LN: What other factors might be driving this?
EB: We live in at least, I, live and participate in a parenting culture, an upper middle class, usually white, well-educated parenting culture, that really encourages and supports fear and fearfulness.
Fear is understood as a sort of intelligence in this culture. Promoting fear in another parent or mother is seen as a kind of favor. If you don’t think somebody’s feeling afraid enough, your job is to scare them. I think the other way into empathy is to look at how scared people are, and to think about why they’re scared, and what’s happening culturally to support and encourage that fear.
Eula Biss, the essayist also delves into how the anger from other parents has to do with skipping out on communitarian responsibilities. That's something you can tap into in a constructive way during conversation.
"I used to be a vaccine skeptic. Now I’m a believer." is another good essay:
When we made our decisions about vaccines the first time, it was all abstract. My child couldn’t die from measles, I told myself. My mom had had measles, and she was just fine. I hadn’t yet spent those weeks in the NICU, praying over my child that the fluid in her lungs wouldn’t become full-blown pneumonia. I hadn’t seen all of the other sick babies around her. I hadn’t heard from other bereaved parents about all the ways babies can die.
People change. Give them the chance to.
I Asked My Mom Why She Didn’t Vaccinate Me and partly, it was on the advice of the doctor. Yeah, we have those.
Bob Sears.
Jay Gordon (Jenny McCarthy's doc).
Jack Wolfson.
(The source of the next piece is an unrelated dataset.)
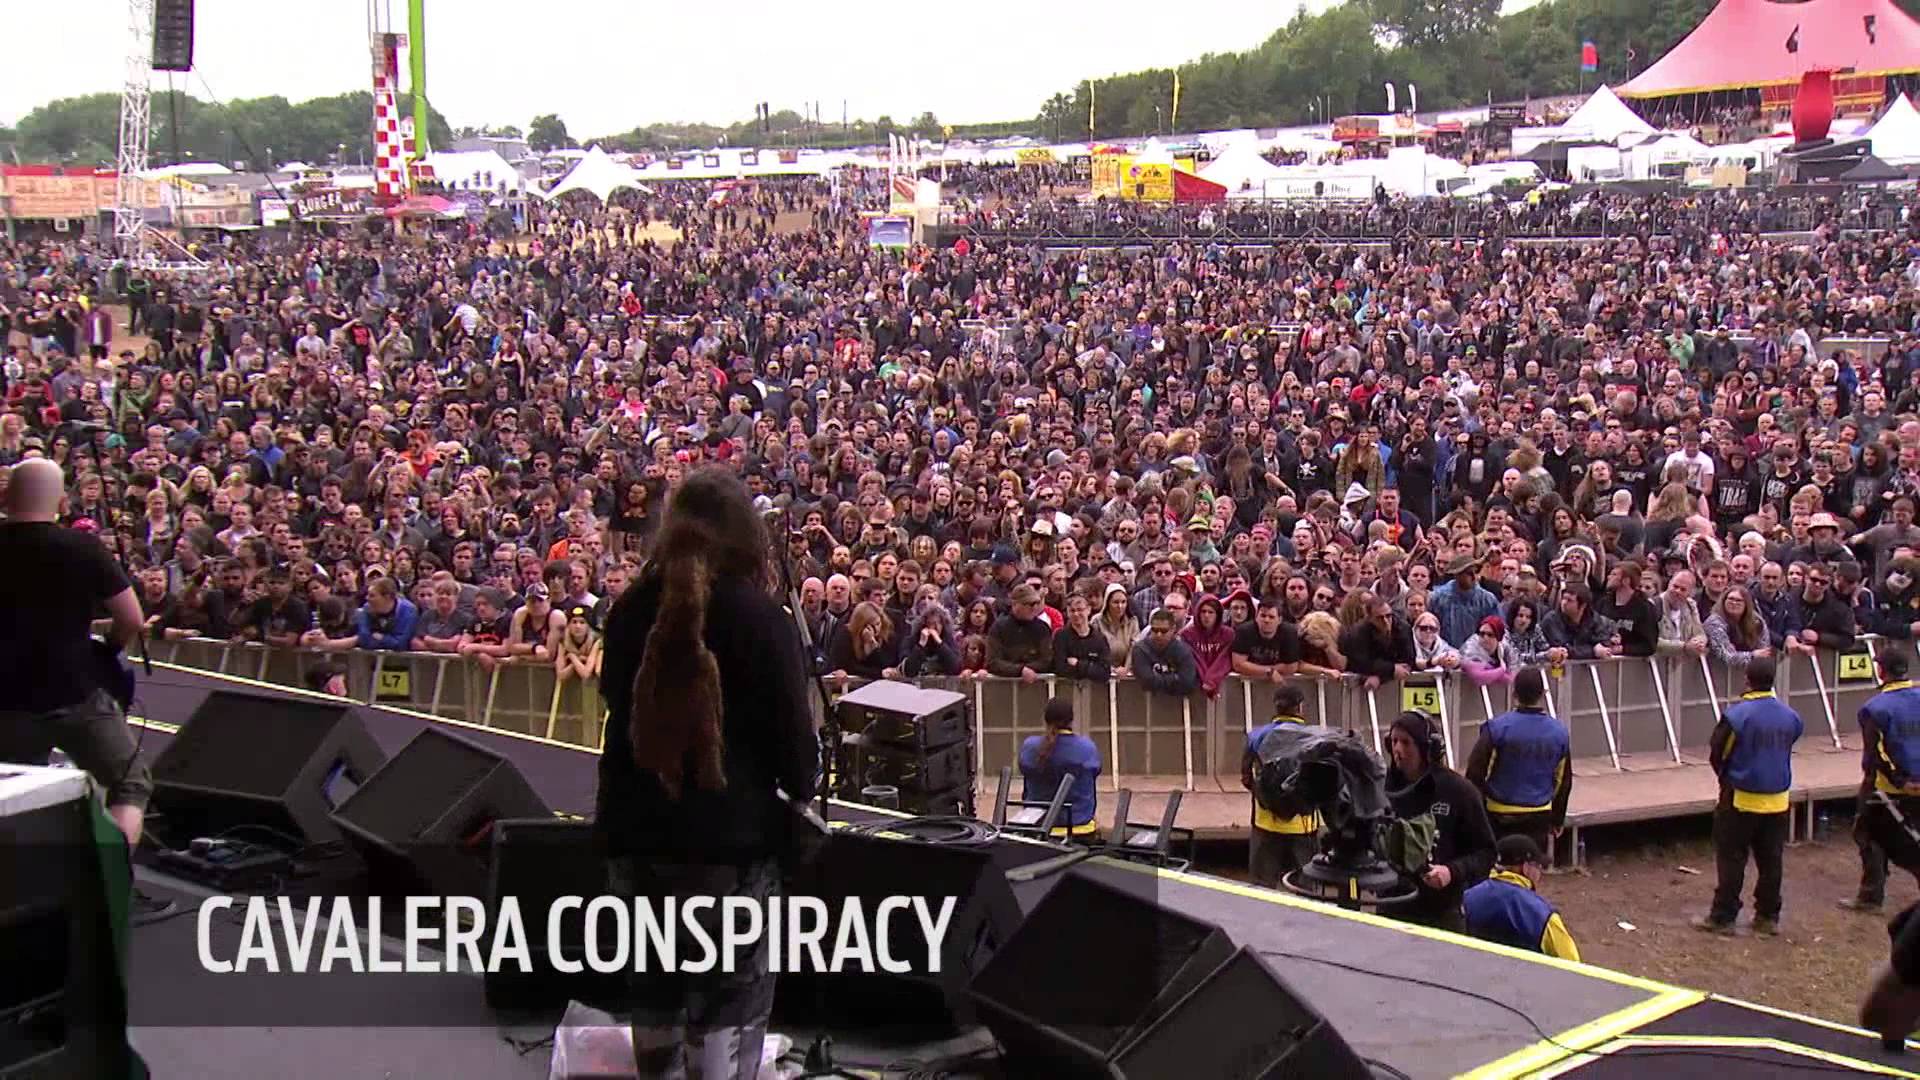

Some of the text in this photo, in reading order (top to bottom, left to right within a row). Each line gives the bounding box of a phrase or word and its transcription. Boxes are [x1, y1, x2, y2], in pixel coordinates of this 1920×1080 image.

[1849, 657, 1867, 670] L4
[382, 674, 401, 688] L7
[1413, 692, 1434, 706] L5
On behalf of my profession, I apologize.
In any case we have an opportunity (alas) to have a lot of people who, for various reasons, are vaccine hesitant pay attention to the news. There's nothing like babies with measles to get your attention and theirs. Assume they are trying to do right by their kids. Assume they're worried or downright scared. Don't yell at them. Save that for Christie and Paul, and the doctors they get their information from. They deserve every slam you can think of, not the parents.